RECORDS FOR PROCESSING –
○ ○ ○ ○ ○

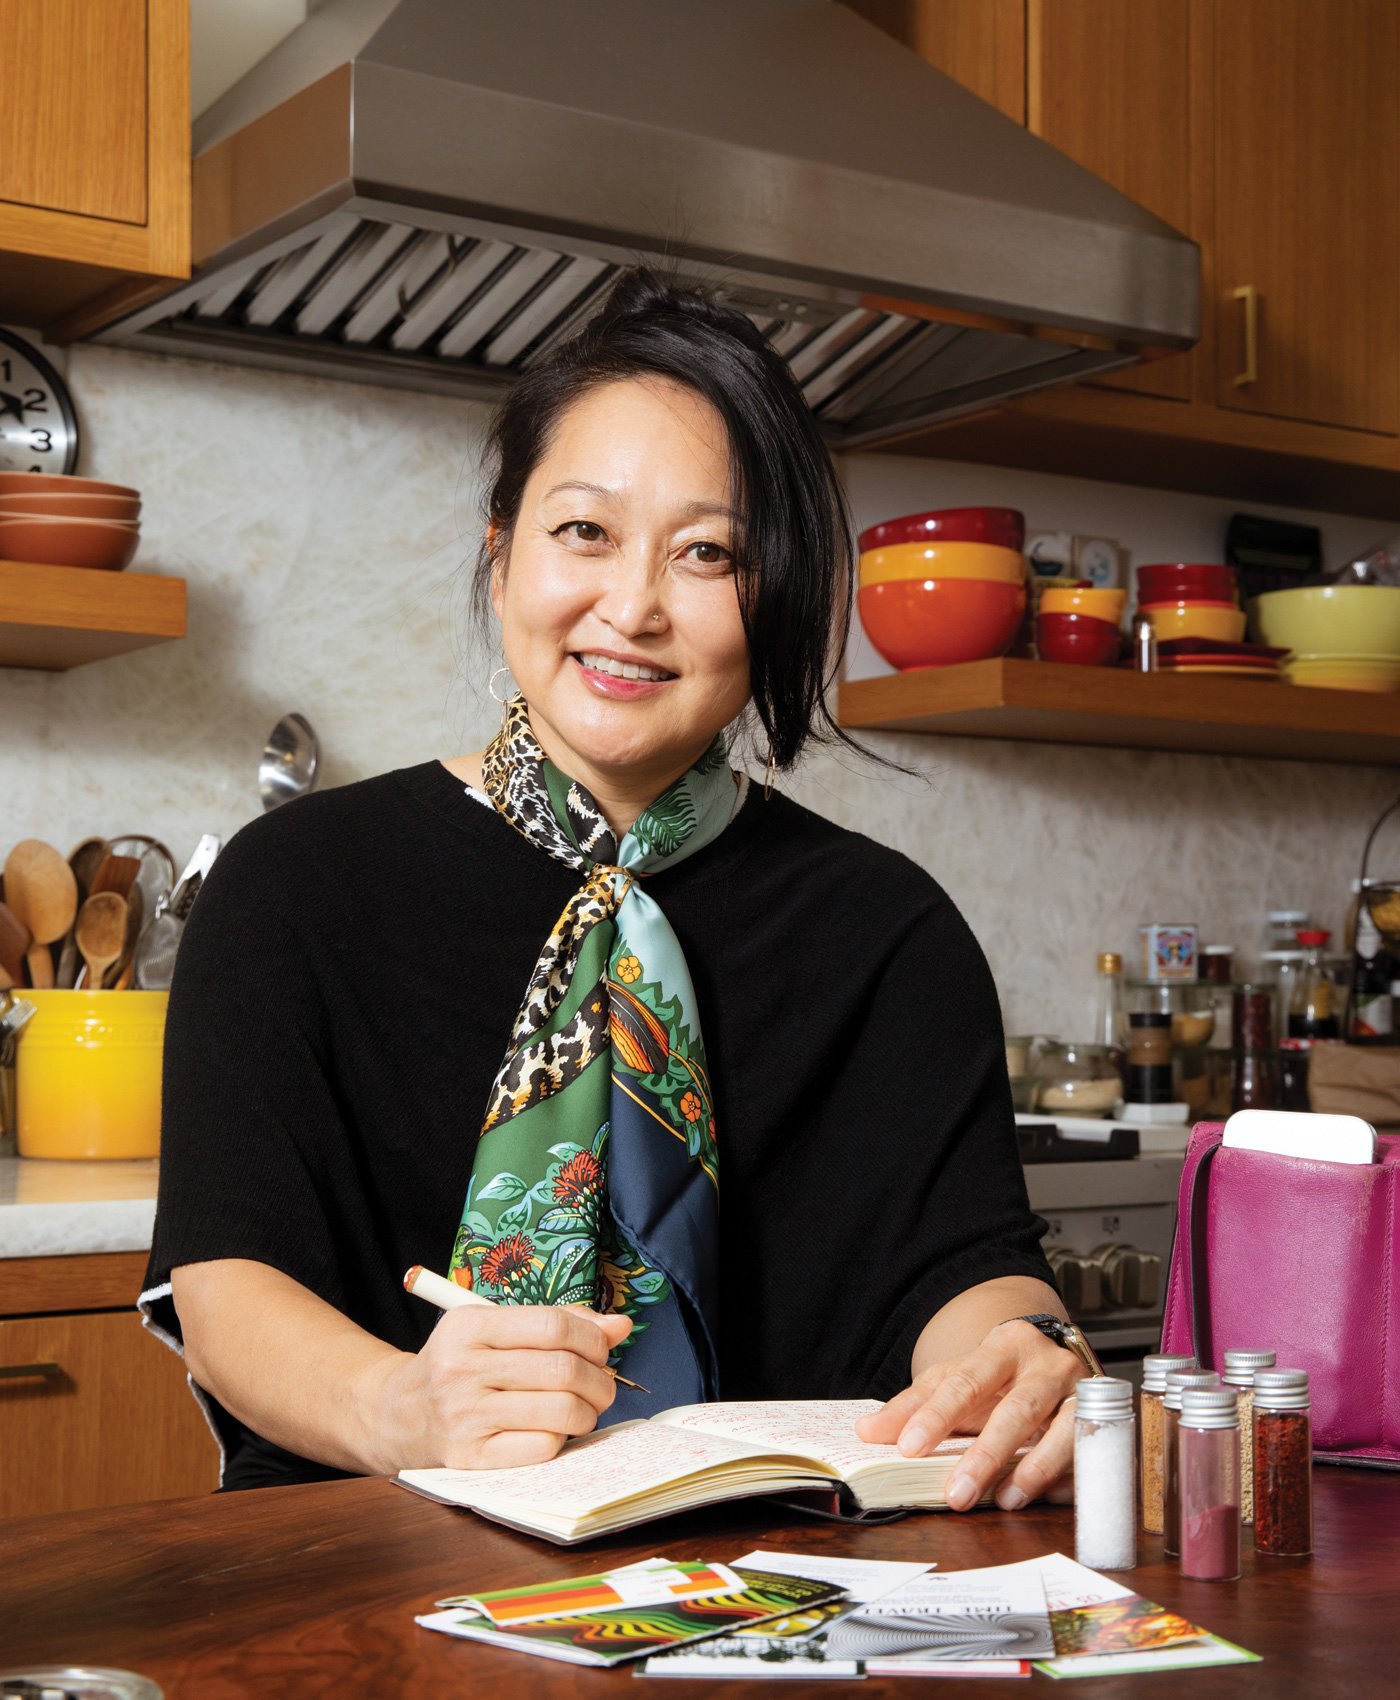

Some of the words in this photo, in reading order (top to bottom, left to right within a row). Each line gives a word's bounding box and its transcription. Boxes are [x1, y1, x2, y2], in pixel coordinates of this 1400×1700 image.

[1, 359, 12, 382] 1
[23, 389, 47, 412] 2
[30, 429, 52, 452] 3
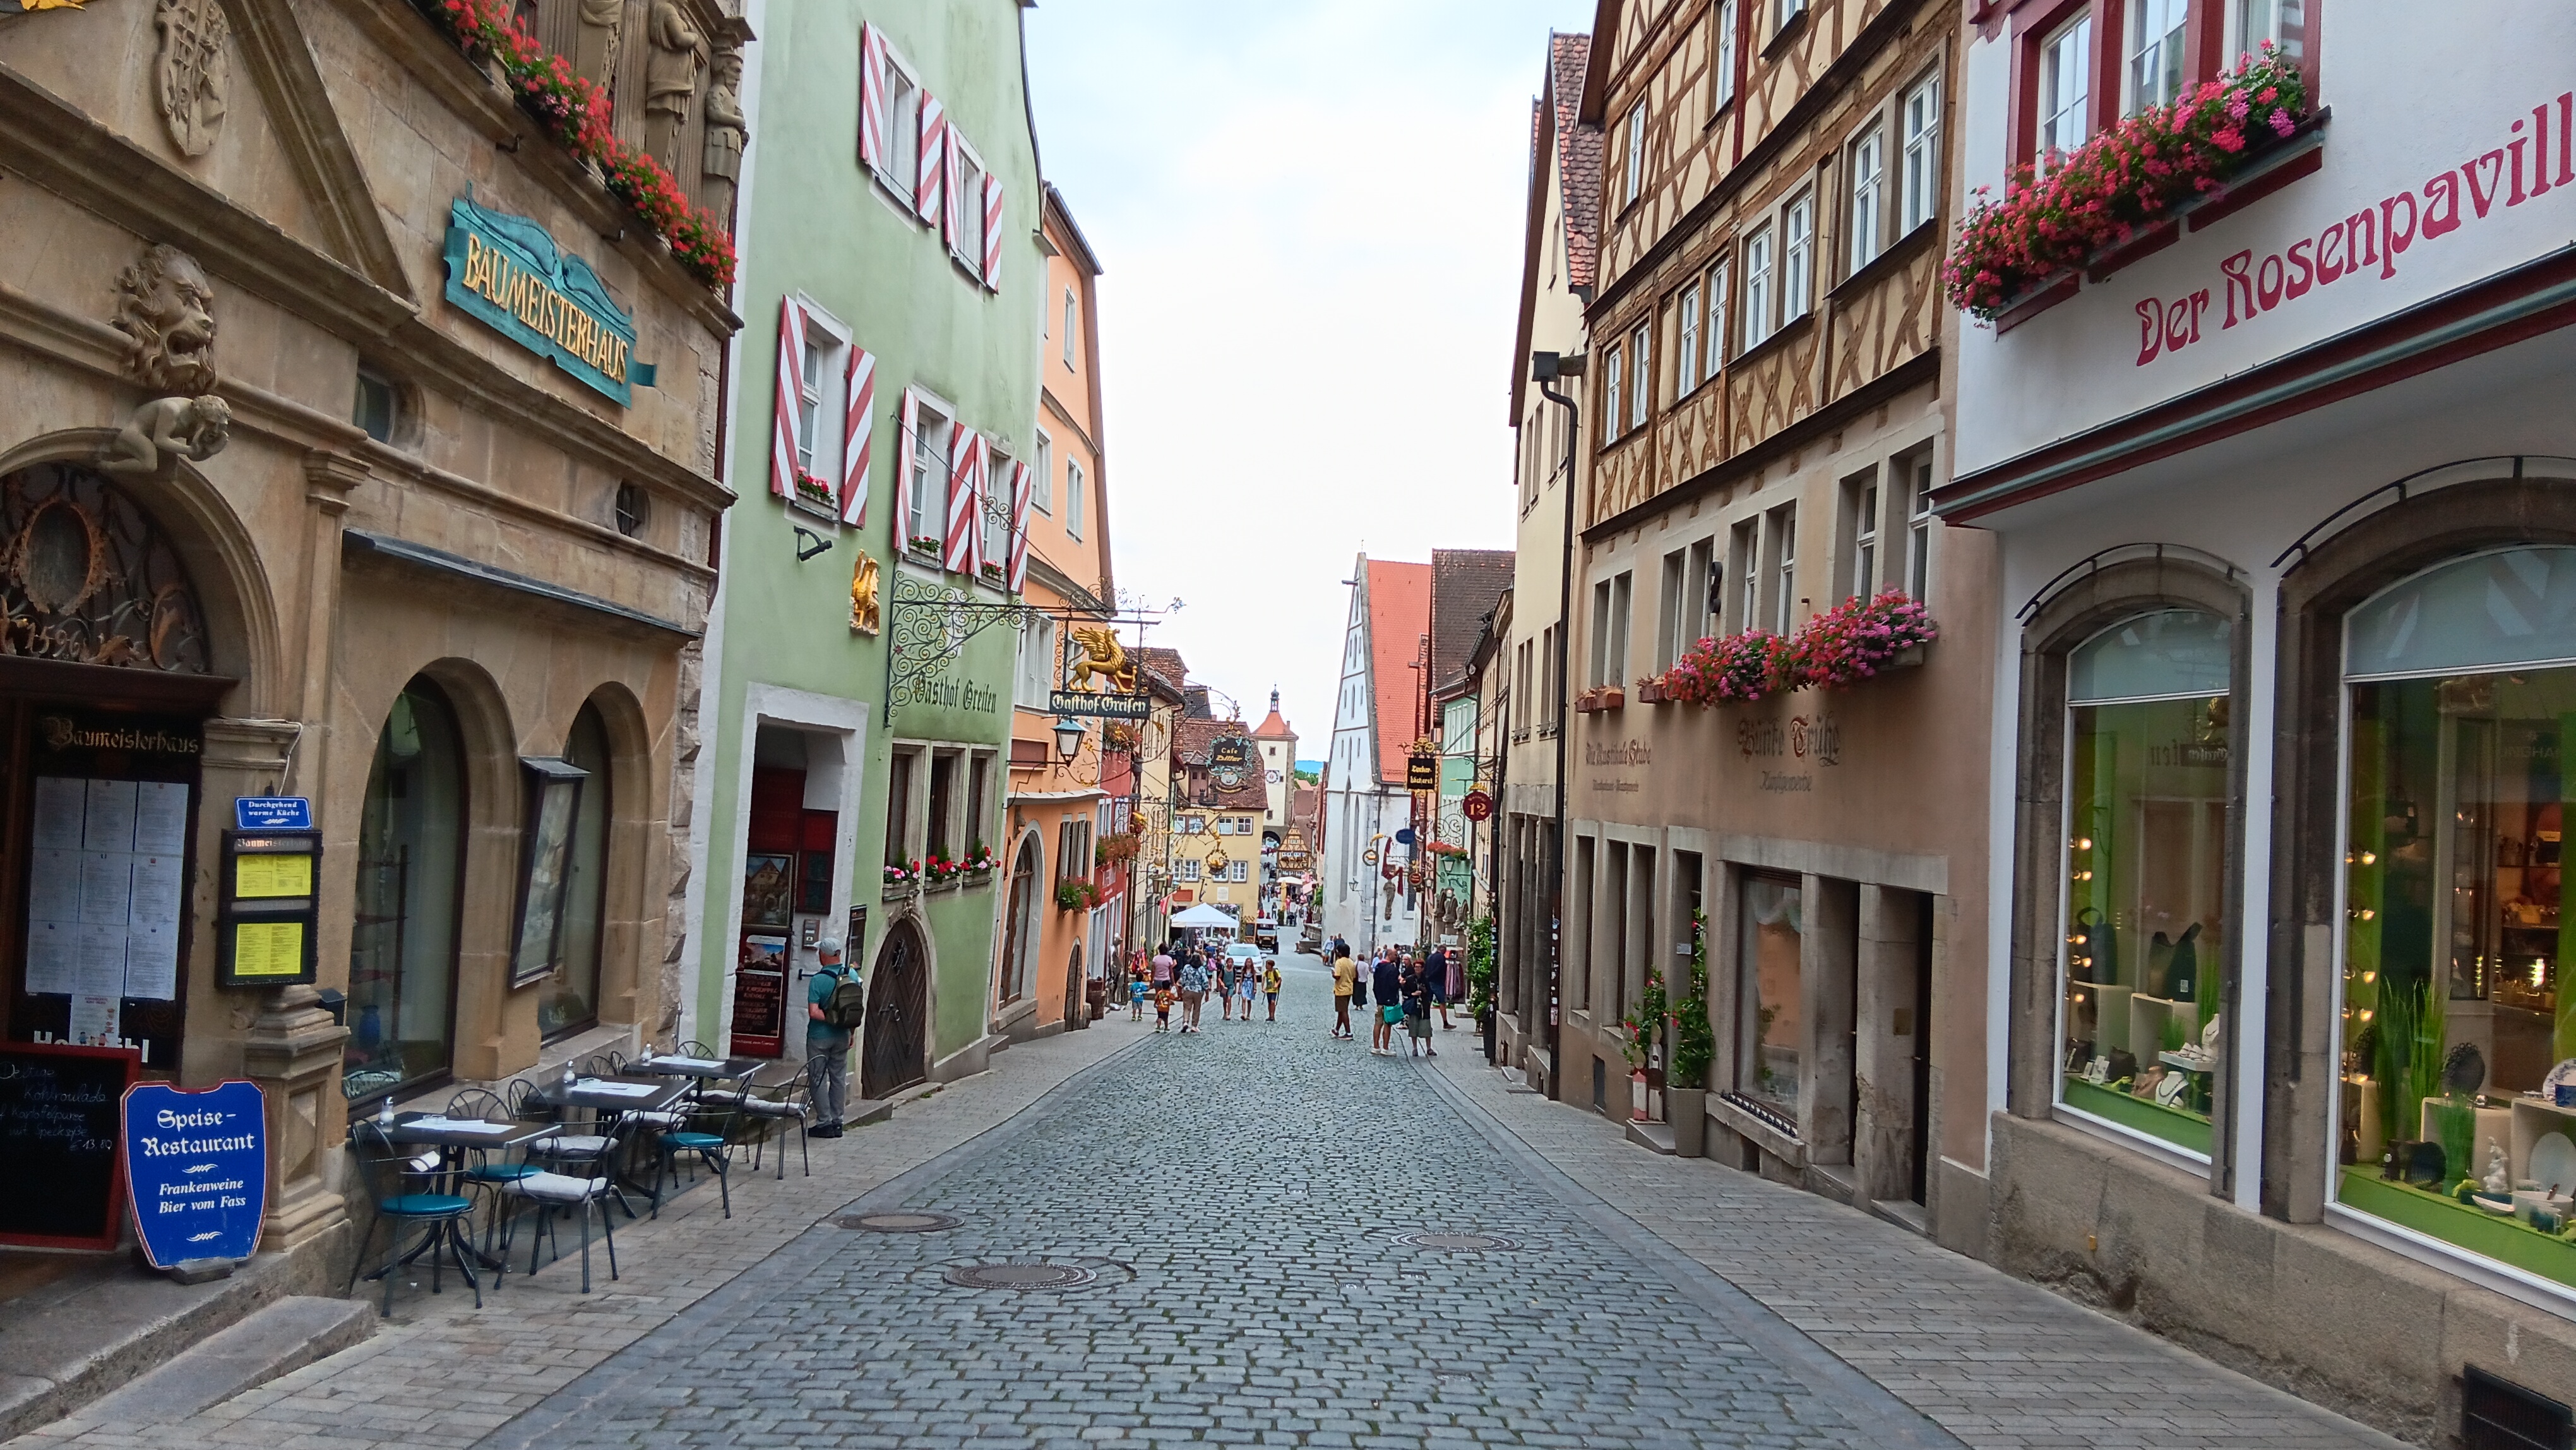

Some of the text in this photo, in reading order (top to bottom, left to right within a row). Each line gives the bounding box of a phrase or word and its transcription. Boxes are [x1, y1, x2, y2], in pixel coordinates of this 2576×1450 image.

○ ○ ○ ○ ○

WORK ITEM –
Reproduce the entries above word for word. Pictures stay out.

ANSWER AREA –
Some of the words in this photo, in reading order (top to bottom, left to right within a row). Each line gives a word's bounding box and its transcription. Boxes are [x1, y1, x2, y2], in pixel coordinates of this 1400×1700 image.

[1, 359, 12, 382] 1
[23, 389, 47, 412] 2
[30, 429, 52, 452] 3

Some of the text in this photo, in reading order (top to bottom, left to right within a row). Each line gives the bounding box of a phrase or word and its transcription. Boxes are [x1, y1, x2, y2], in pixel coordinates of this 2576×1450 image.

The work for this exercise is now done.